Among the pathologies classically called into question we must not exclude varicocele, that is a dilation of the veins spermatics of the testicle; topic that we will deepen in a subsequent article.
Even untreated seminal tract infections can lead to severe oligoasthenzoospermia, a reduction in the number of movement and quality of spermatozoa.
An "uncontrolled" introduction of anabolic drugs can determine an altered spermatogenesis up to an sometimes irreversible infertility
Furthermore, let us not forget, among the causes, use and abuse of anabolic drugs and steroids that can create serious problems of spermatogenesis since, the suppression of the hypothalamus pituitary gonadal axis that occurs with the use of testosterone (and the its conversion into estrogen), creates an inhibition of the release of the so-called gonadotropins LH and FSH with the FSH responsible for stimulating spermatogenesis.

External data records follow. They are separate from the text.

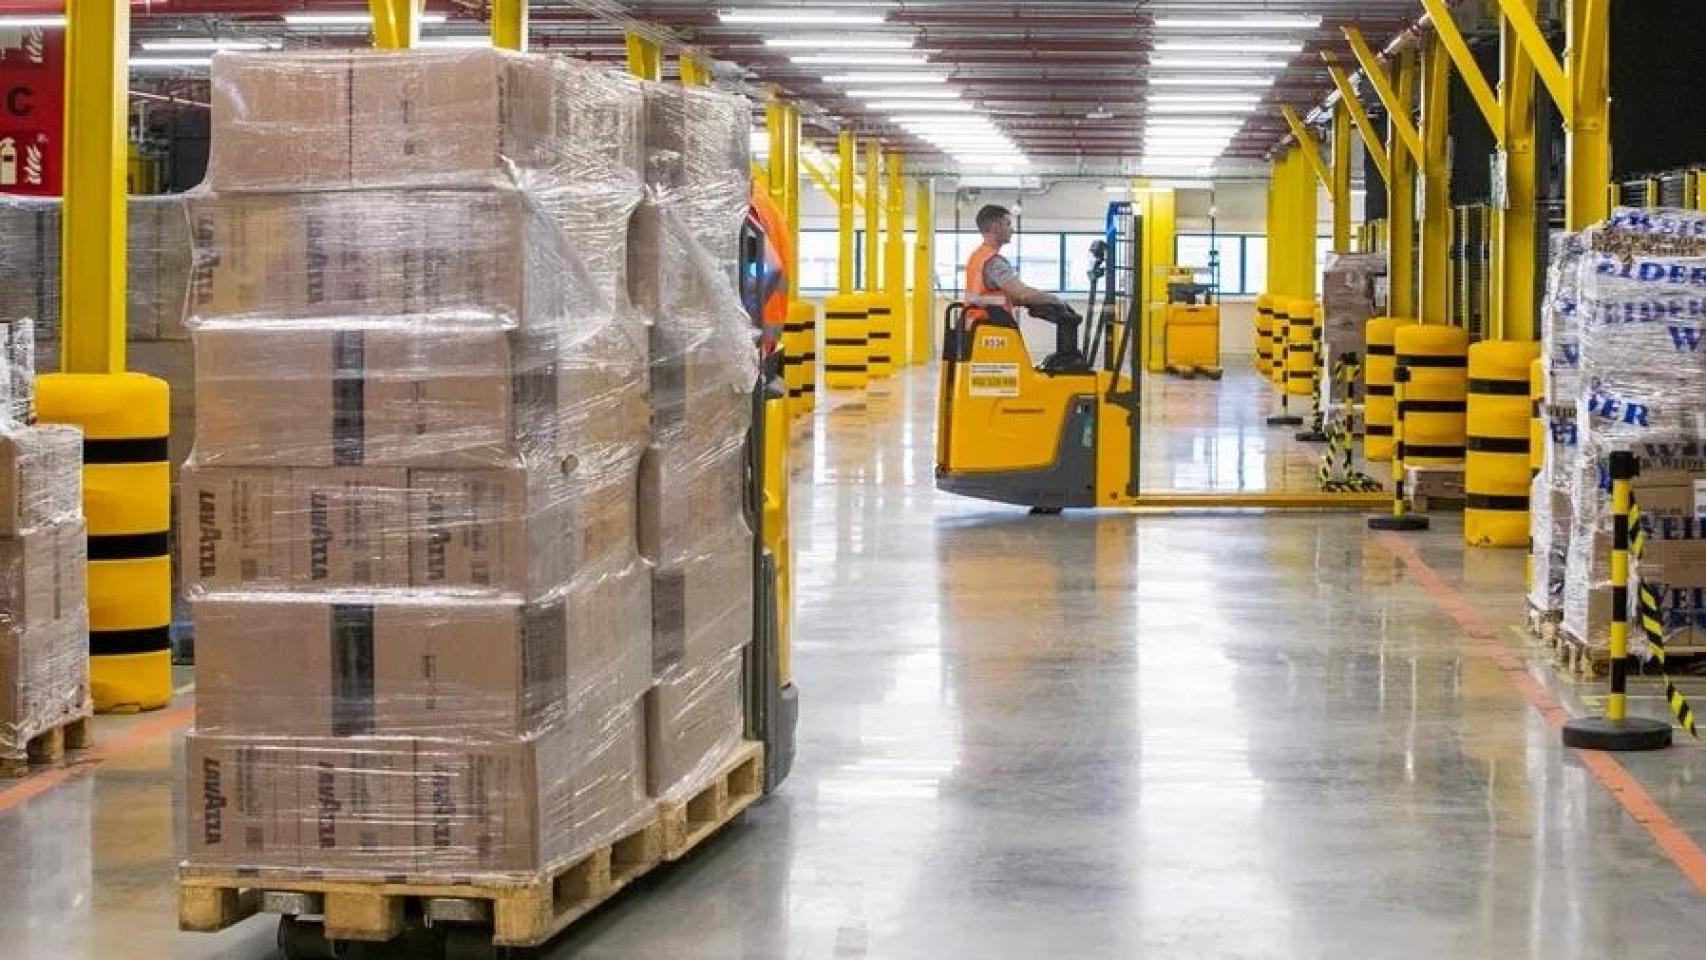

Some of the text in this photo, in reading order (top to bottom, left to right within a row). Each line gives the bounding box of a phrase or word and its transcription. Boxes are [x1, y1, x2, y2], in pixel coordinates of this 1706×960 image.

[199, 489, 222, 578] LAVAZZA
[311, 492, 333, 581] LAVAZZA
[204, 757, 227, 845] LAVAZZA
[318, 761, 341, 849] LAVAZZA
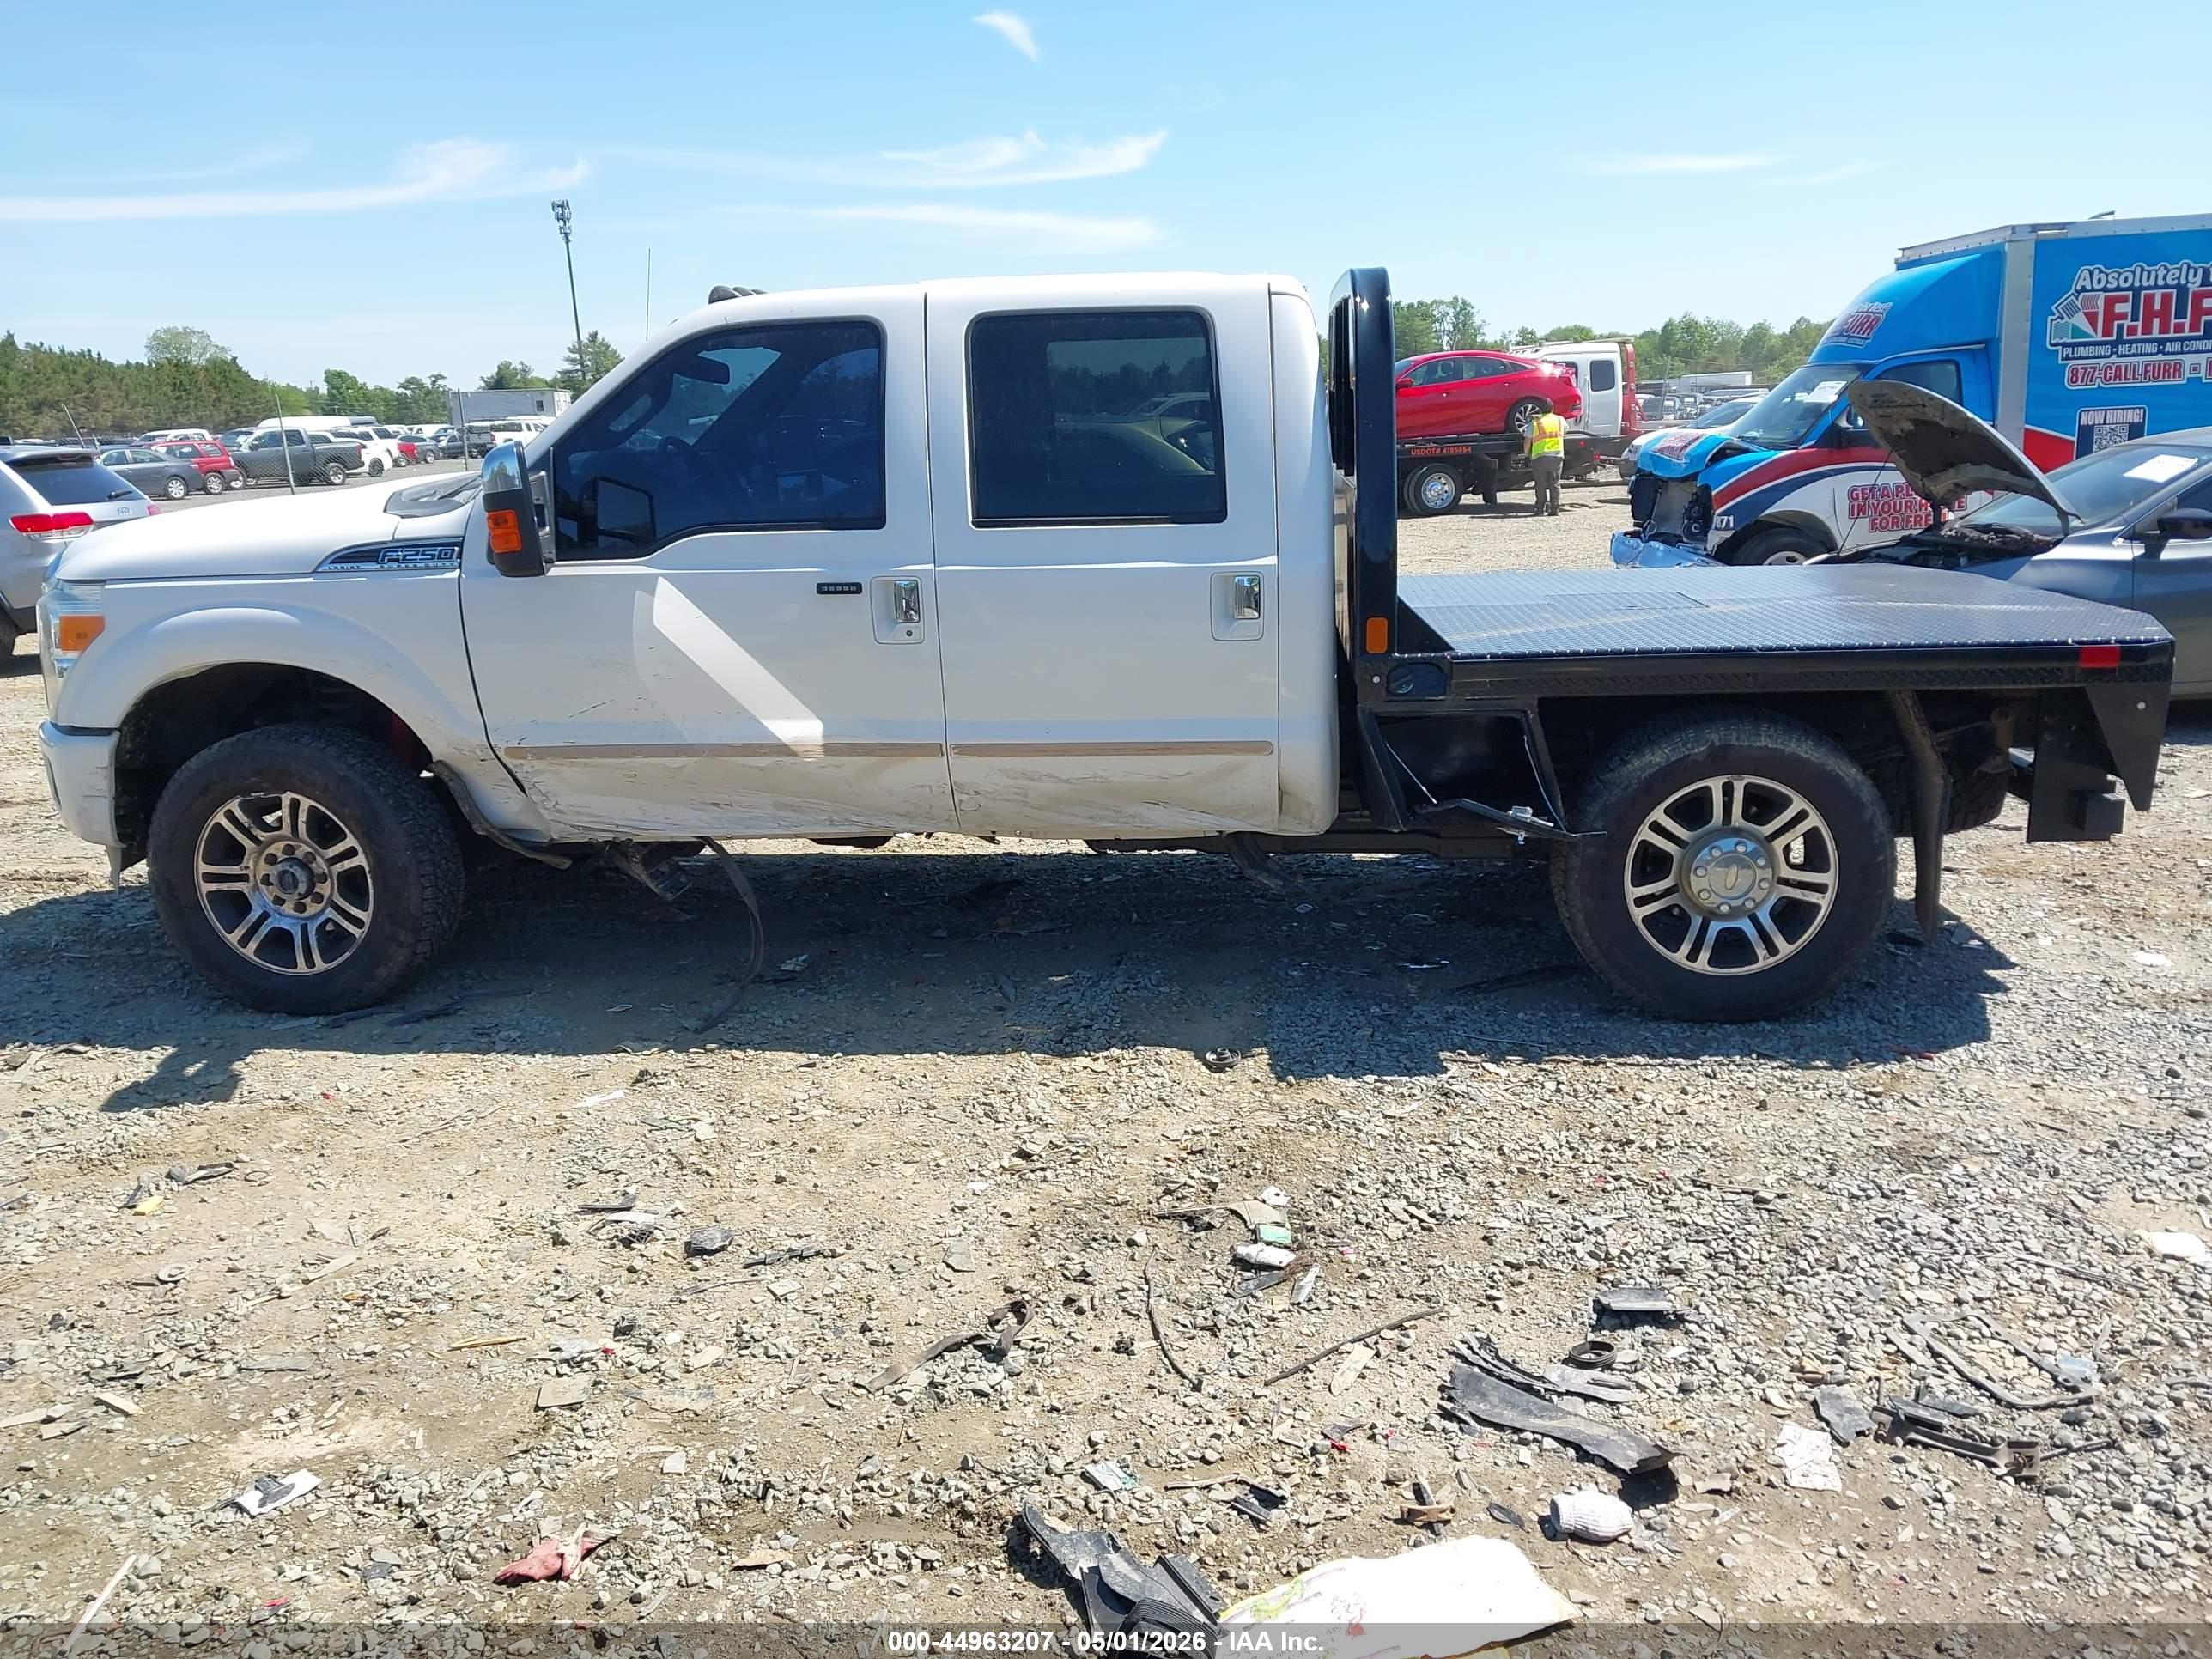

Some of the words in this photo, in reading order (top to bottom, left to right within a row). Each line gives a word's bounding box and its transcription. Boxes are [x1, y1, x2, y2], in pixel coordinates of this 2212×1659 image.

[2076, 262, 2203, 289] Absolutely
[2063, 344, 2112, 358] PLUMBING
[2118, 342, 2159, 356] HEATING
[2165, 341, 2182, 353] AIR
[2069, 362, 2141, 386] 877-CALL
[2142, 360, 2185, 382] FURR
[2081, 410, 2106, 426] NOW
[2106, 409, 2144, 424] HIRING!
[1411, 447, 1441, 455] USDOT#
[1849, 485, 1879, 502] GET
[1880, 483, 1891, 501] A
[1849, 501, 1869, 519] IN
[1869, 499, 1916, 517] YOUR
[1869, 514, 1902, 532] FOR

It follows, therefore, that the "uncontrolled" introduction of anabolic drugs can often determine in the athlete who uses them an altered spermatogenesis up to sometimes irreversible infertility.
What tests done?
The main test for the study of male fertility is the spermiogram that must be performed in compliance with the WHO 2010 guidelines, often associated with the determination of FSH testosterone LH as mentioned in the previous lines.

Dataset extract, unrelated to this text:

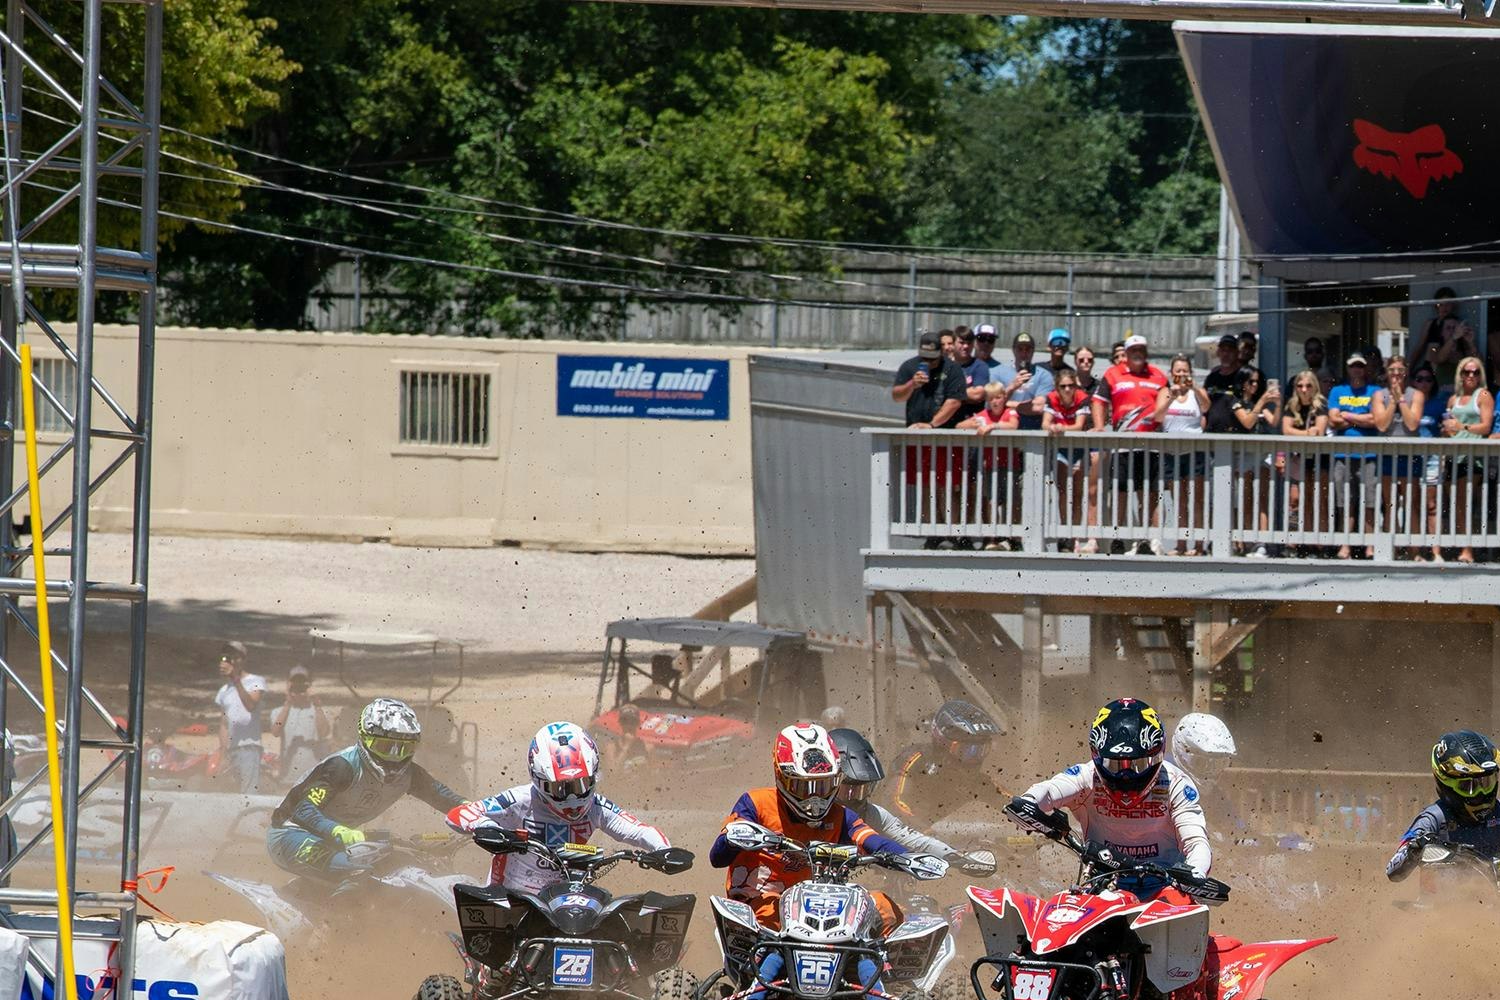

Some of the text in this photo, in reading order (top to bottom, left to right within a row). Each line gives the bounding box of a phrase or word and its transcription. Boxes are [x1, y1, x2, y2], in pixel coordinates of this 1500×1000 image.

The spermiogram must be entrusted to the competent specialist, preferably an andrologist perfected in the physiopathology of human reproduction, to have a correct interpretation of the numerical data that isn't always as simple and intuitive as it might seem.
In any case, there are possibilities of recovery once the root cause has been identified.
Therapies and possible treatments
In cases of hormonal suppression, stimulatory therapies based on FSH and clomiphene (off label) can be attempted, which have the purpose of stimulating on the one hand the spermatogenic line of the testis and on the other the pituitary for the release of LH and FSH.
In the presence of varicocele of another degree, its surgical correction will be useful as necessary for the treatment and cure of infections of the seminal tract.
Currently, the increasingly justified use of nutraceuticals and molecules such as Ashwagandha and Cordyceps together with the classic liberators of nitric oxide, zinc and carnitine; indispensable for the mobility and "health" of the spermatozoon, its proving to be a concrete aid in the recovery of male fertility.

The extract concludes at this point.